Winterweizen-Anbauvergleich

DLG: Osteuropa "vorne dran"


Schnelle Reaktionen auf die Witterung sind das A und O. So lautet das Fazit der DLG im Winterweizen-Anbauvergleich 2018.

Die Ergebnisse des europäischen Winterweizen-Anbauvergleichs auf den DLG-Feldtagen liegen vor, teilt die Deutsche Landwirtschafts-Gesellschaft (DLG) mit. Die extremen Bedingungen des vergangenen Jahres hätten gezeigt, dass der Schlüssel zum wirtschaftlichen Erfolg in guten Kenntnissen des Standortes und einer schnellen Reaktion auf die Witterung liege.

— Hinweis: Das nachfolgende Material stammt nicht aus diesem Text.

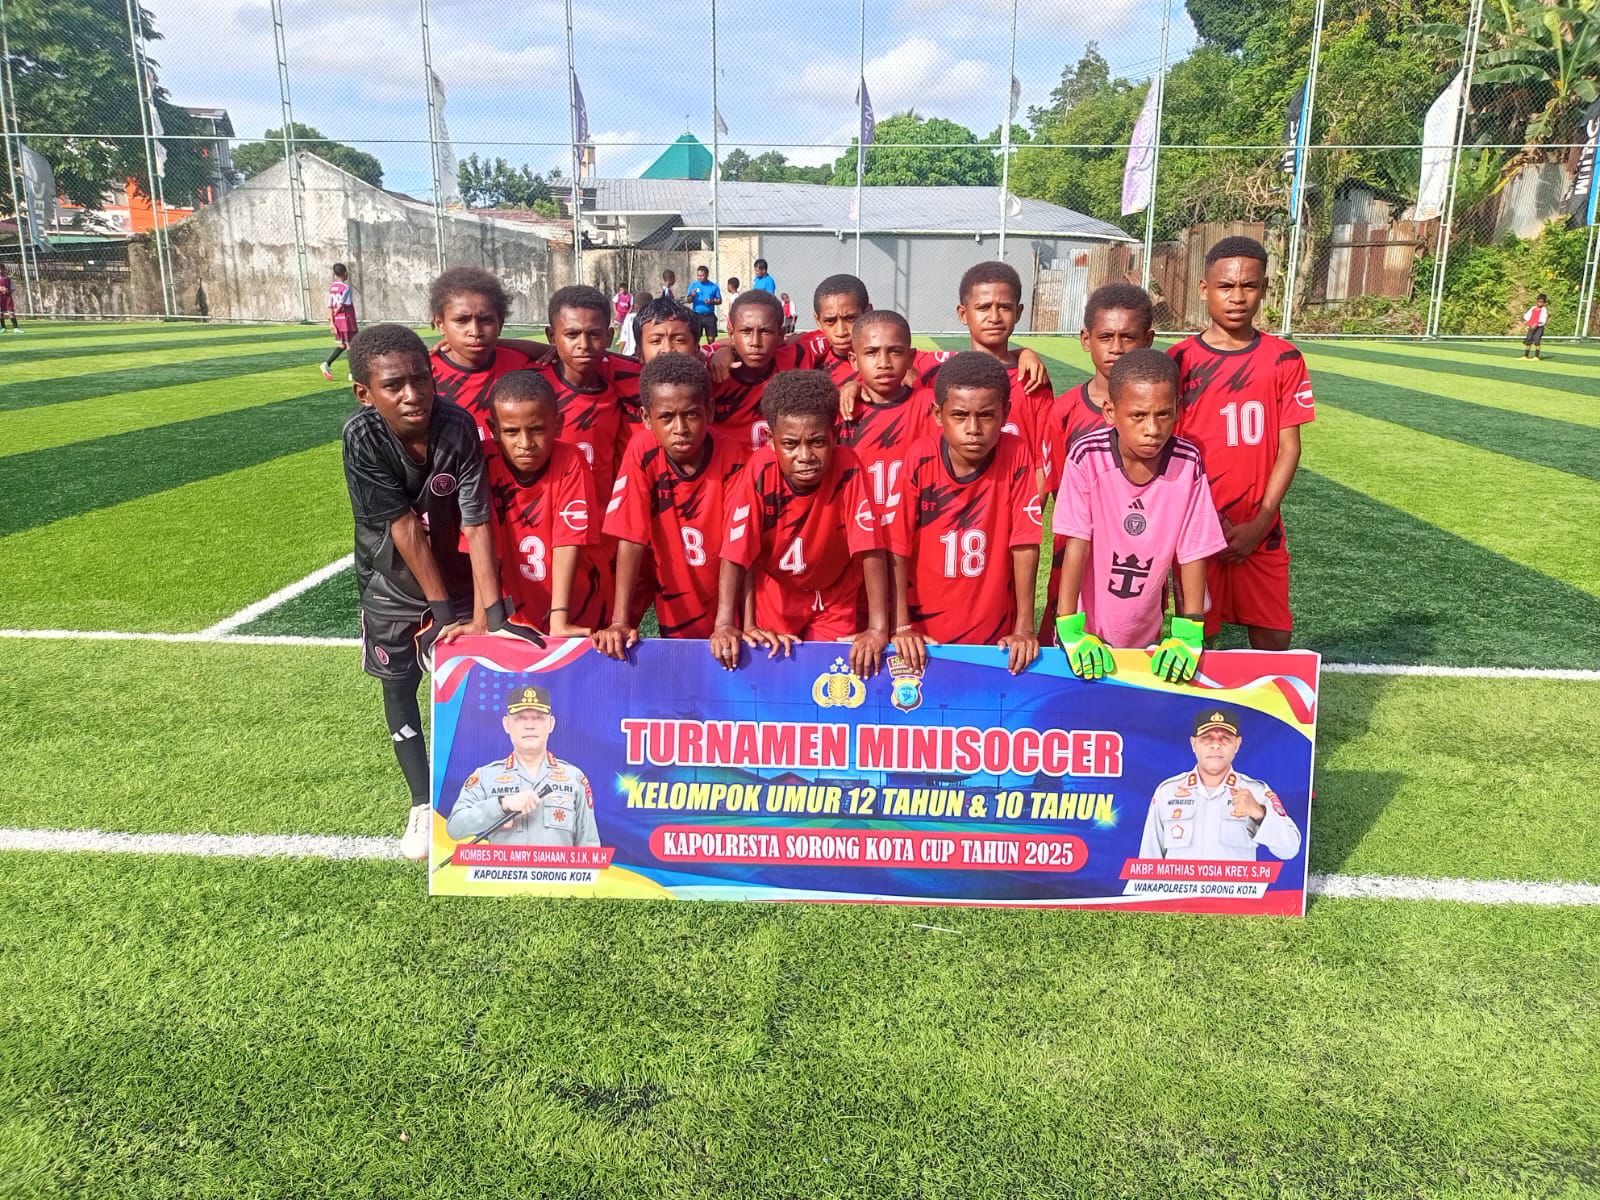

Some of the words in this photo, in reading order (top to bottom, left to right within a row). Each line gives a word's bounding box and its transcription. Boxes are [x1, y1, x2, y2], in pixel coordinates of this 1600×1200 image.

[1219, 400, 1265, 446] 10
[519, 536, 546, 581] 3
[681, 526, 706, 567] 8
[779, 537, 806, 575] 4
[939, 529, 987, 577] 18
[622, 720, 848, 768] TURNAMEN
[857, 726, 1122, 775] MINISOCCER
[627, 781, 762, 812] KELOMPOK
[766, 785, 843, 814] UMUR
[848, 787, 876, 815] 12
[882, 788, 965, 817] TAHUN
[968, 795, 987, 818] &
[995, 791, 1024, 819] 10
[1030, 792, 1114, 821] TAHUN
[460, 849, 490, 861] KOMBES
[493, 850, 507, 861] POL
[510, 851, 531, 862] AMRY
[533, 852, 568, 864] SIAHAAN,
[592, 854, 607, 864] M.H
[663, 832, 780, 858] KAPOLRESTA
[786, 835, 860, 860] SORONG
[866, 838, 914, 862] KOTA
[921, 839, 955, 862] CUP
[961, 840, 1020, 865] TAHUN
[1025, 842, 1073, 865] 2025
[474, 869, 528, 880] KAPOLRESTA
[531, 871, 567, 881] SORONG
[570, 872, 591, 881] KOTA
[1134, 883, 1198, 893] WAKAPOLRESTA
[1200, 885, 1234, 894] SORONG
[1237, 886, 1257, 895] KOTA
[1157, 864, 1195, 876] MATHIAS
[1198, 865, 1221, 877] YOSIA
[1225, 866, 1249, 879] KREY,
[1251, 866, 1271, 878] S.Pd
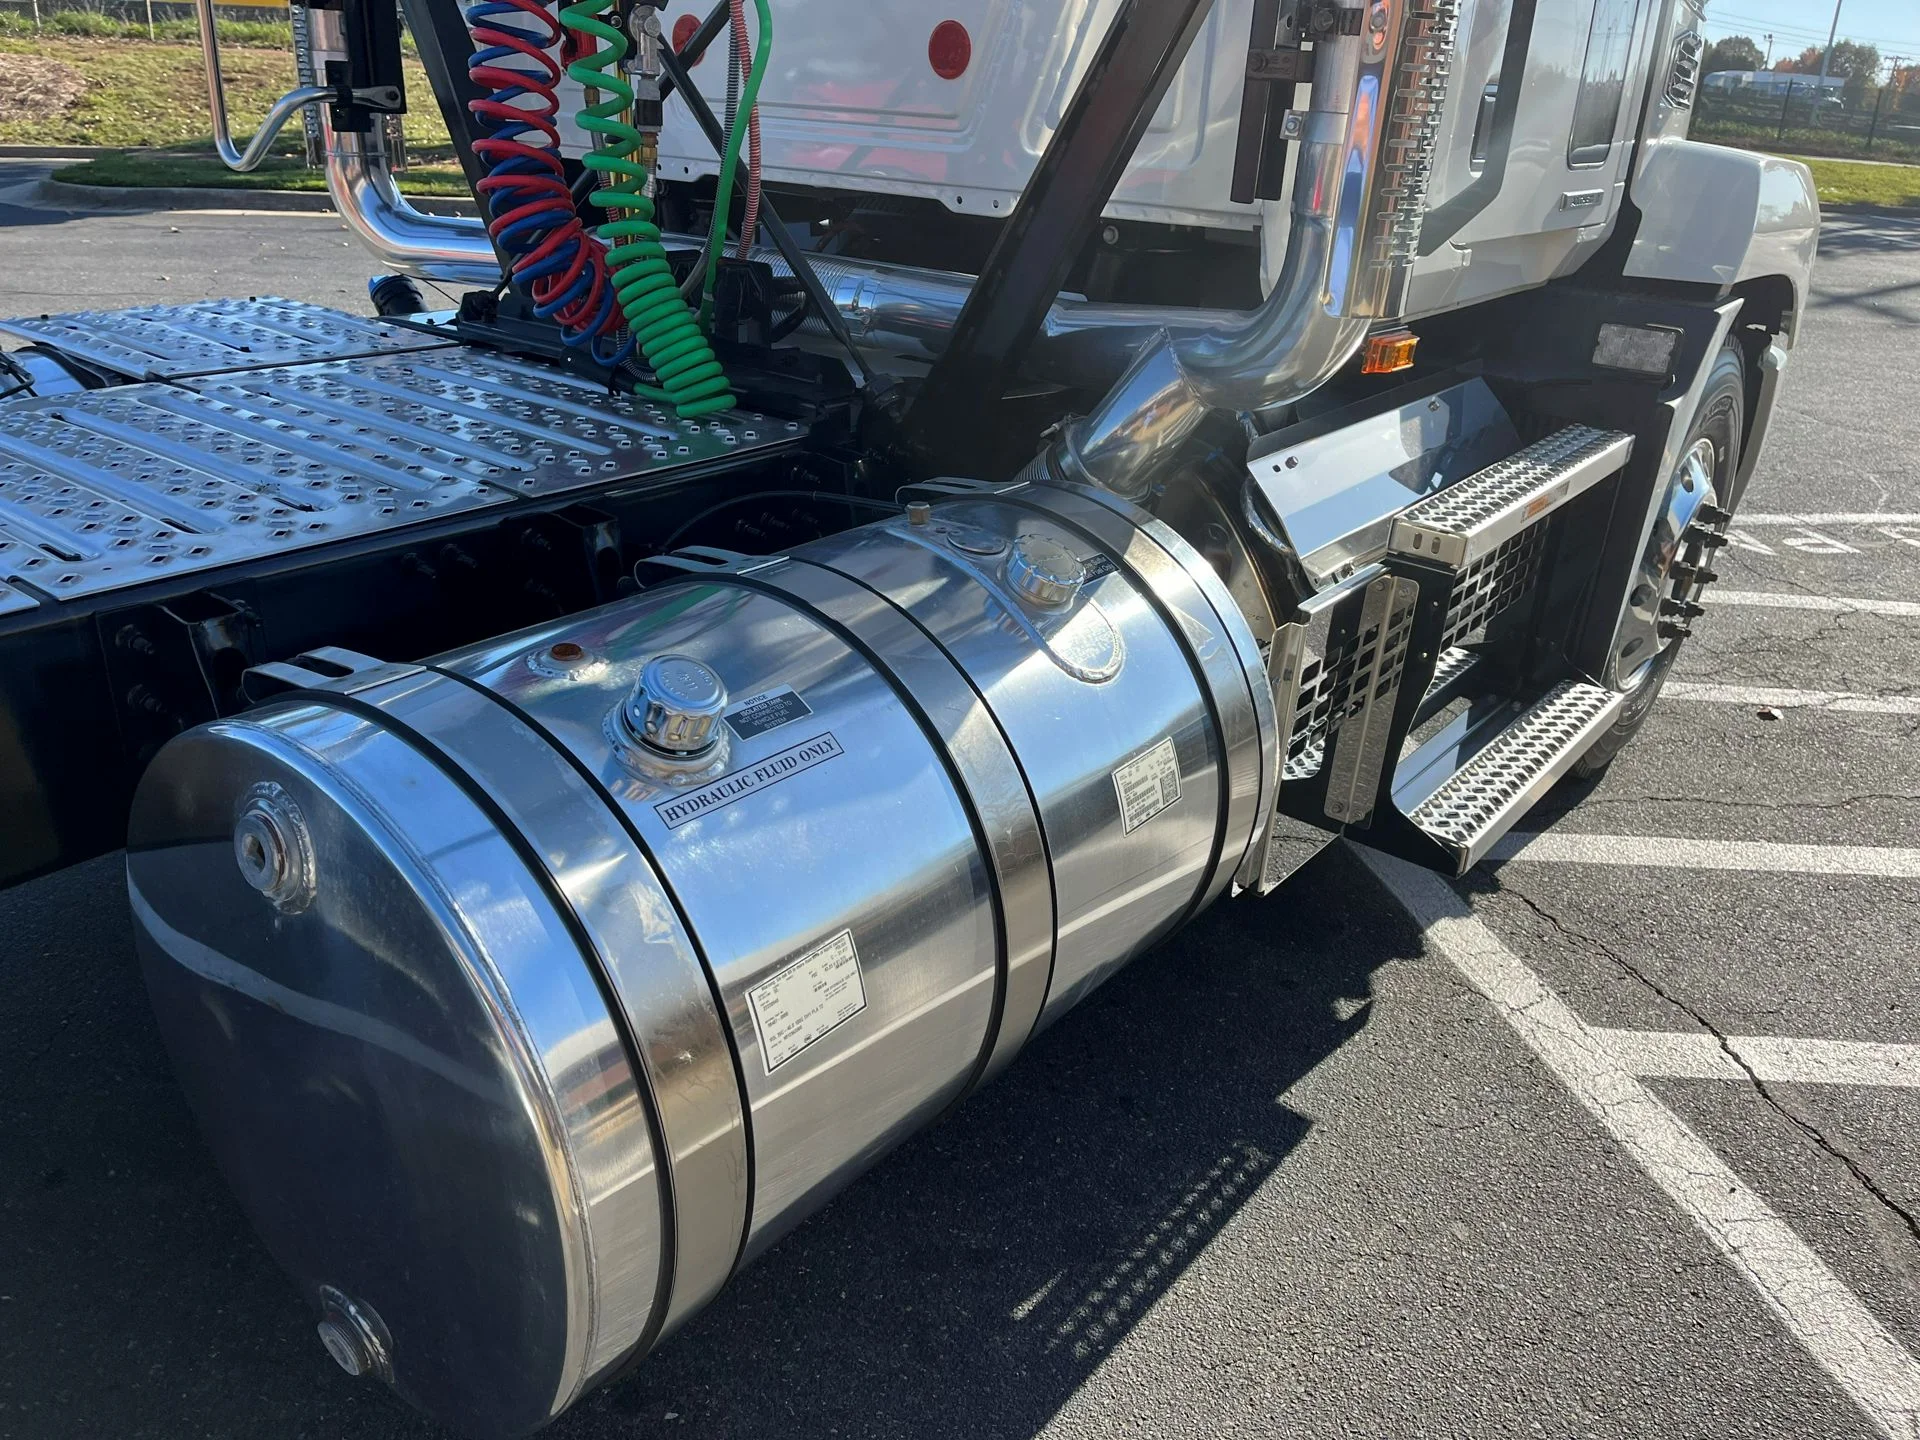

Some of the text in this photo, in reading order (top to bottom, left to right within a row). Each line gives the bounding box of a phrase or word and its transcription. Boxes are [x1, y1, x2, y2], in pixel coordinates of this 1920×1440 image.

Verglichen mit den Ergebnissen der Vorjahre seien die osteuropäischen Teilnehmer im diesjährigen Anbauvergleich "vorne dran" gewesen. Das sei bei der direktkostenfreien Leistung deutlich geworden. Die DLG analysiert, zur Vorbereitung auf das sich ändernde Klima könne man "von diesen Fachkollegen einiges lernen".
Winterweizen-Anbauvergleich 2018
In diesem Jahr nahmen der DLG zufolge neun Landwirte an den Anbauvergleichen teil. Vier der Teilnehmer sind aus Deutschland, fünf weitere aus nord- und osteuropäischen Ländern. Der Anbauvergleich hat erstmals unter den Bedingungen der Novelle der Dünge-Verordnung, welche eine N-Düngebedarfsanalyse vorschreibt, stattgefunden.